START Exercise data

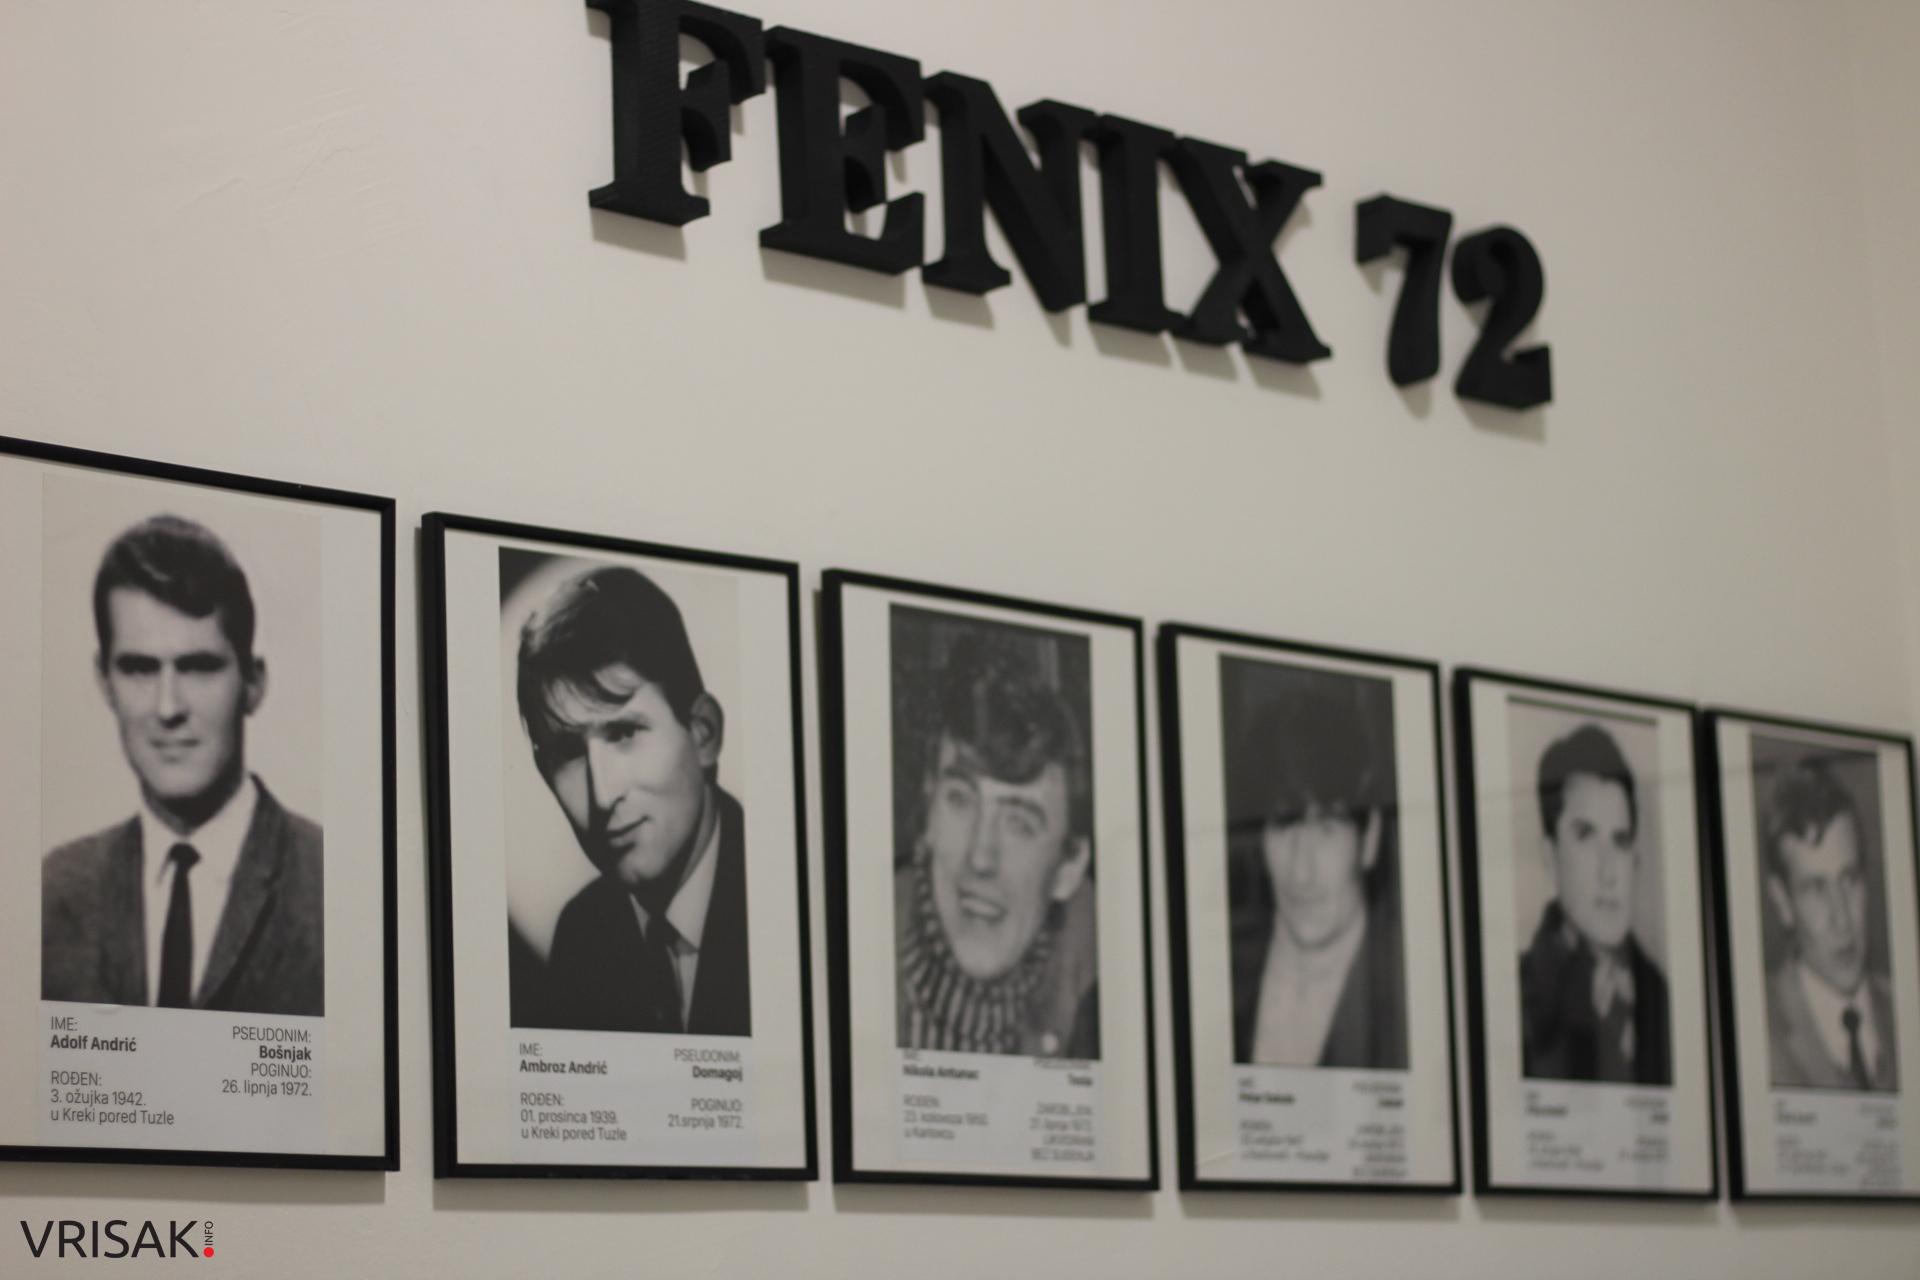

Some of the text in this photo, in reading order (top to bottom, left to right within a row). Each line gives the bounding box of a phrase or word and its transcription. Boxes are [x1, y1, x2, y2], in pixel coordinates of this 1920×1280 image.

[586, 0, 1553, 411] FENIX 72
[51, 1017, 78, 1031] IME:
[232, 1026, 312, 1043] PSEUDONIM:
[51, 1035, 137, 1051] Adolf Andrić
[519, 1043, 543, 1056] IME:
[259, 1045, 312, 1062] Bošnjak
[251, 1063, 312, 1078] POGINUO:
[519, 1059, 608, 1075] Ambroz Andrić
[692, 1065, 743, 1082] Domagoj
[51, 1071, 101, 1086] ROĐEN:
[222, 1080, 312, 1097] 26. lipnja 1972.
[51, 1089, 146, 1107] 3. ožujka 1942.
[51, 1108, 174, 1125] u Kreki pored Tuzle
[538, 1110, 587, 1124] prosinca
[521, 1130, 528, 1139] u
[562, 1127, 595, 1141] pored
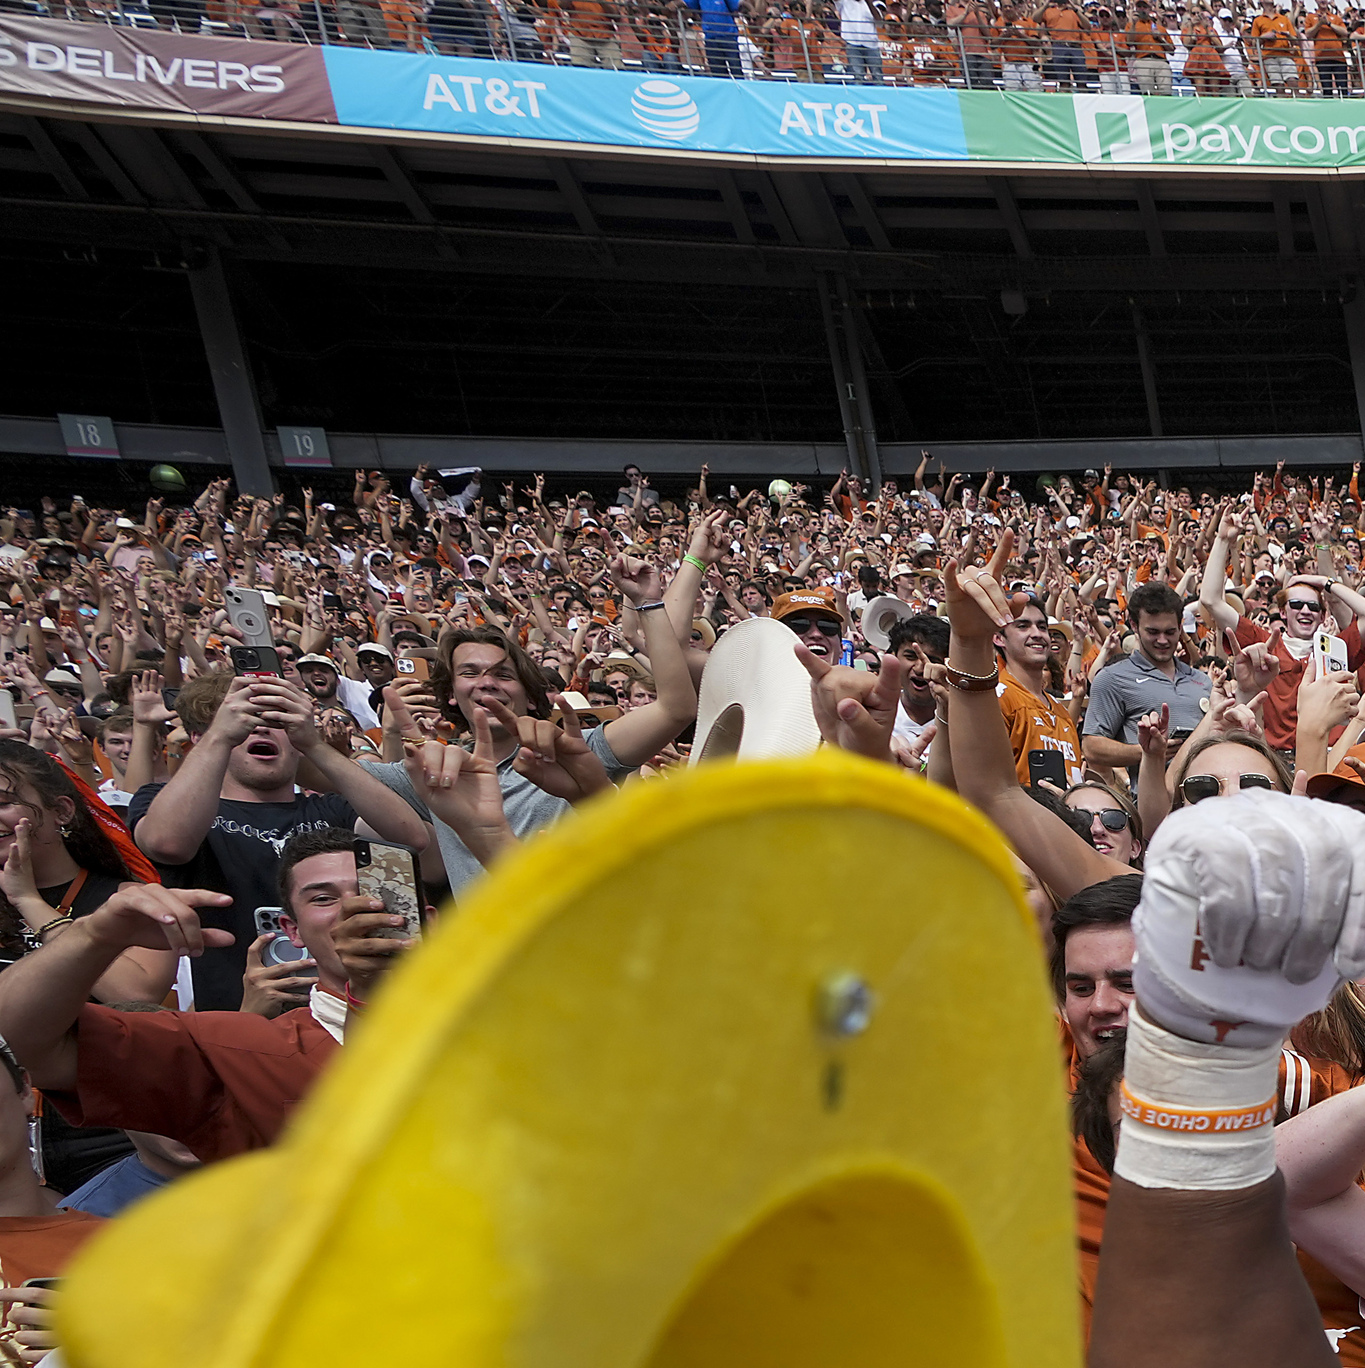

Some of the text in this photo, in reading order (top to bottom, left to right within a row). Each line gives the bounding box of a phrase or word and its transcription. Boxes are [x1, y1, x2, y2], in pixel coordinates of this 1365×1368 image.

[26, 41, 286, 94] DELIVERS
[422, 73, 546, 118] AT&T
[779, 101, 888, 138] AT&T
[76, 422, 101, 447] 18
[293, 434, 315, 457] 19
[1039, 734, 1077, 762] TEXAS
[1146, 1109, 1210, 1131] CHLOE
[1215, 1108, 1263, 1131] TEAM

END Exercise data

Activity: A complete and exact copy of the records is required. Exclude the pictures.

Your response:
Some of the text in this photo, in reading order (top to bottom, left to right within a row). Each line gives the bounding box of a phrase or word and its transcription. Boxes are [x1, y1, x2, y2], in pixel coordinates of this 1920×1280 image.

[586, 0, 1553, 411] FENIX 72
[51, 1017, 78, 1031] IME:
[232, 1026, 312, 1043] PSEUDONIM:
[51, 1035, 137, 1051] Adolf Andrić
[519, 1043, 543, 1056] IME:
[259, 1045, 312, 1062] Bošnjak
[251, 1063, 312, 1078] POGINUO:
[519, 1059, 608, 1075] Ambroz Andrić
[692, 1065, 743, 1082] Domagoj
[51, 1071, 101, 1086] ROĐEN:
[222, 1080, 312, 1097] 26. lipnja 1972.
[51, 1089, 146, 1107] 3. ožujka 1942.
[51, 1108, 174, 1125] u Kreki pored Tuzle
[538, 1110, 587, 1124] prosinca
[521, 1130, 528, 1139] u
[562, 1127, 595, 1141] pored

Some of the text in this photo, in reading order (top to bottom, left to right within a row). Each line gives the bounding box of a phrase or word and its transcription. Boxes are [x1, y1, x2, y2], in pixel coordinates of this 1365×1368 image.

[26, 41, 286, 94] DELIVERS
[422, 73, 546, 118] AT&T
[779, 101, 888, 138] AT&T
[76, 422, 101, 447] 18
[293, 434, 315, 457] 19
[1039, 734, 1077, 762] TEXAS
[1146, 1109, 1210, 1131] CHLOE
[1215, 1108, 1263, 1131] TEAM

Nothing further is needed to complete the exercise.